Ces derniers n’étaient point méprisables. De 1721 à 1727, il eut à déjouer ou à renverser le plus éloquent, le plus intrigant et le plus spirituel de ses contemporains : l’évêque Atterbury, qui conspirait ouvertement ; son rival Bolingbroke, de retour en Angleterre et qui voulait le supplanter, et le doyen Swift, qui ameuta l’Irlande contre le ministre. On ne se tire pas mieux d’un triple danger ; Robert ne tua personne. Il exila Atterbury, releva de la dégradation et du bannissement Bolingbroke, condamné à mort, qu’il exila du pouvoir en lui donnant la vie, et laissa Swift jouer l’O’Connell en pure perte. Atterbury alla en France écrire et parler contre Robert ; Bolingbroke passa dix années à déchirer son rival, et Swift expira en le maudissant. Robert, vainqueur, subit en riant les attaques de ces trois plumes enragées ; le Craftsman de Bolingbroke, le Drapier de Swift, les lettres particulières d’Atterbury, décidèrent de sa réputation définitive.
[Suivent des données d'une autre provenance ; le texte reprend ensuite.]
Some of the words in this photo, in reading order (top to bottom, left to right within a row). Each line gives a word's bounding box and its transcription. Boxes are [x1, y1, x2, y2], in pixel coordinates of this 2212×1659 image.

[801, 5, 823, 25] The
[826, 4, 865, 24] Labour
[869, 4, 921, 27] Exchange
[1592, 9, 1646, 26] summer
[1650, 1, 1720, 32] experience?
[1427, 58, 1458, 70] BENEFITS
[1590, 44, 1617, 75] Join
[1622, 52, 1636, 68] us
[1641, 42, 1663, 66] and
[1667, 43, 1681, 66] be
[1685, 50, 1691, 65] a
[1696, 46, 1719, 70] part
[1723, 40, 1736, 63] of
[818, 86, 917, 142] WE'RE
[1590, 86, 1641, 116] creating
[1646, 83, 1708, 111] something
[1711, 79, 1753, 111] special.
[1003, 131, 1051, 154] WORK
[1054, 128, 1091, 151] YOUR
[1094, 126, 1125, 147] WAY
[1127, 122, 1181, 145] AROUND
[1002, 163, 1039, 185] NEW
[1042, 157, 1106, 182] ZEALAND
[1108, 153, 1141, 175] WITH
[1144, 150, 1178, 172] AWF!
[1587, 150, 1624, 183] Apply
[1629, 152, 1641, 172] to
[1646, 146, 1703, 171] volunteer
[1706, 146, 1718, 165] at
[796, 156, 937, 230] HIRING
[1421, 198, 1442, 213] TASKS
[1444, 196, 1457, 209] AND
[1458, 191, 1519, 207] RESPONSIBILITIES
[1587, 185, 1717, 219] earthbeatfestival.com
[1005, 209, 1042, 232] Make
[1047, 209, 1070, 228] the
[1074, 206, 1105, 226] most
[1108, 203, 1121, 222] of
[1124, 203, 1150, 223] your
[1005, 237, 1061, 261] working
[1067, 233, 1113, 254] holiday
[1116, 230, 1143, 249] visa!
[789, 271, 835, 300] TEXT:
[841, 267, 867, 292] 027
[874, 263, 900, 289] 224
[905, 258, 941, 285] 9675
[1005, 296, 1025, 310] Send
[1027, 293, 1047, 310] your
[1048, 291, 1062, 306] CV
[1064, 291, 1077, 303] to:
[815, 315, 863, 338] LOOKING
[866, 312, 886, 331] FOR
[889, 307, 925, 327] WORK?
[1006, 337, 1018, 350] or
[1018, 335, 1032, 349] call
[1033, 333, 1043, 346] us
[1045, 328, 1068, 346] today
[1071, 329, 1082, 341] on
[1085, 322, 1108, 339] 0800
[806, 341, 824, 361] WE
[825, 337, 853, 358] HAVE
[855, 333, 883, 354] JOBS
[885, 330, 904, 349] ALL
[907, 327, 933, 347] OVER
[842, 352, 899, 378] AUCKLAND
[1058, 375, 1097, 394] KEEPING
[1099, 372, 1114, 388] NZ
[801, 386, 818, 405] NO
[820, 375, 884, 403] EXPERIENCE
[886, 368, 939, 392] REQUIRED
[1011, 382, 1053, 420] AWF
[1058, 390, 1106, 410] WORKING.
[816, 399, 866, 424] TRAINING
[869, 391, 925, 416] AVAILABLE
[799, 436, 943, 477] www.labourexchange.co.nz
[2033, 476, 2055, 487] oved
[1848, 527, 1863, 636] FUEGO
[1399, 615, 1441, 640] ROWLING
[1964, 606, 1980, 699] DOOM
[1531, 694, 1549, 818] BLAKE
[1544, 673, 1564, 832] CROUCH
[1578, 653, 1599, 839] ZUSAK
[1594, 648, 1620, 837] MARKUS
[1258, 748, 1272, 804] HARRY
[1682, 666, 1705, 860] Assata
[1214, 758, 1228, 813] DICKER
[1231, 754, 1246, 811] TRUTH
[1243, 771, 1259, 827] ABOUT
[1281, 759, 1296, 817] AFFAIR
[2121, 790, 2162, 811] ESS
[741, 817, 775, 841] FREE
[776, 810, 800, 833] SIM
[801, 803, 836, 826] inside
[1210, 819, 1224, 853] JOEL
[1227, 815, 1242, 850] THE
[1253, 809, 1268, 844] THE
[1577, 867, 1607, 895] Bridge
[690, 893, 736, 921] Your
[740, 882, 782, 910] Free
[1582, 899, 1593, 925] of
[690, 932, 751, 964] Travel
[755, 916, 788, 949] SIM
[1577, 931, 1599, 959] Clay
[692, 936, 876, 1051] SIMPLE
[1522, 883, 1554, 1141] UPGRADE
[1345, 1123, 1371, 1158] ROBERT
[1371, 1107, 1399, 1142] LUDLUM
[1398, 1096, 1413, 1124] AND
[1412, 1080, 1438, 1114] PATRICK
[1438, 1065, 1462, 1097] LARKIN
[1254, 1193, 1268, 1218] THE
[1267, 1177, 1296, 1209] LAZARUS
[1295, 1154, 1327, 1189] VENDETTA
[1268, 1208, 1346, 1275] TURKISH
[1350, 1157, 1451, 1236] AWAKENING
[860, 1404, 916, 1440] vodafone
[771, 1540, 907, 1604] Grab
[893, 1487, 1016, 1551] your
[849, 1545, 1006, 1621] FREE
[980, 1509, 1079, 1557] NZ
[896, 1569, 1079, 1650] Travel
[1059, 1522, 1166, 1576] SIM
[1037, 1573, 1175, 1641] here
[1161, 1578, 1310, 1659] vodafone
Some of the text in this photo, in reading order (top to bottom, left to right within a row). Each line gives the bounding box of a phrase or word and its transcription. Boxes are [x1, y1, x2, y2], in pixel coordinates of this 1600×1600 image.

Il les valait tous en moralité, ce qui est peu de chose, et les battait en fait de tactique, ce qui est beaucoup. L’unique imprudence de sa vie, fut de compter pour trop peu le redoutable talent d’écrire. Son règne se renfermait dans le présent ; il avait assez à faire de se démêler au milieu de tant d’intrigues et d’y régner. George Ier meurt en 1727. Un nouveau monarque ouvre à Walpole une nouvelle carrière. La merveille de sa conduite politique et le chef-d’œuvre de sa ruse, c’est qu’il resta premier ministre à la mort de George Ier. Il avait réussi auprès de ce dernier roi par la flatterie, auprès des communes par la captation, auprès des jacobites par la terreur. Il s’agissait de se maintenir sous George II, qui exécrait George Ier son père, et n’eut rien de plus pressé que de renverser ce qu’avait fait son prédécesseur. Tout le monde désertait Robert comme un homme qui va périr. « Vous voyez bien, disait-il à son secrétaire Coxe, la porte de mon hôtel : il n’y a pas une voiture aujourd’hui ; demain, la cour sera remplie d’équipages. » La prédiction s’accomplit.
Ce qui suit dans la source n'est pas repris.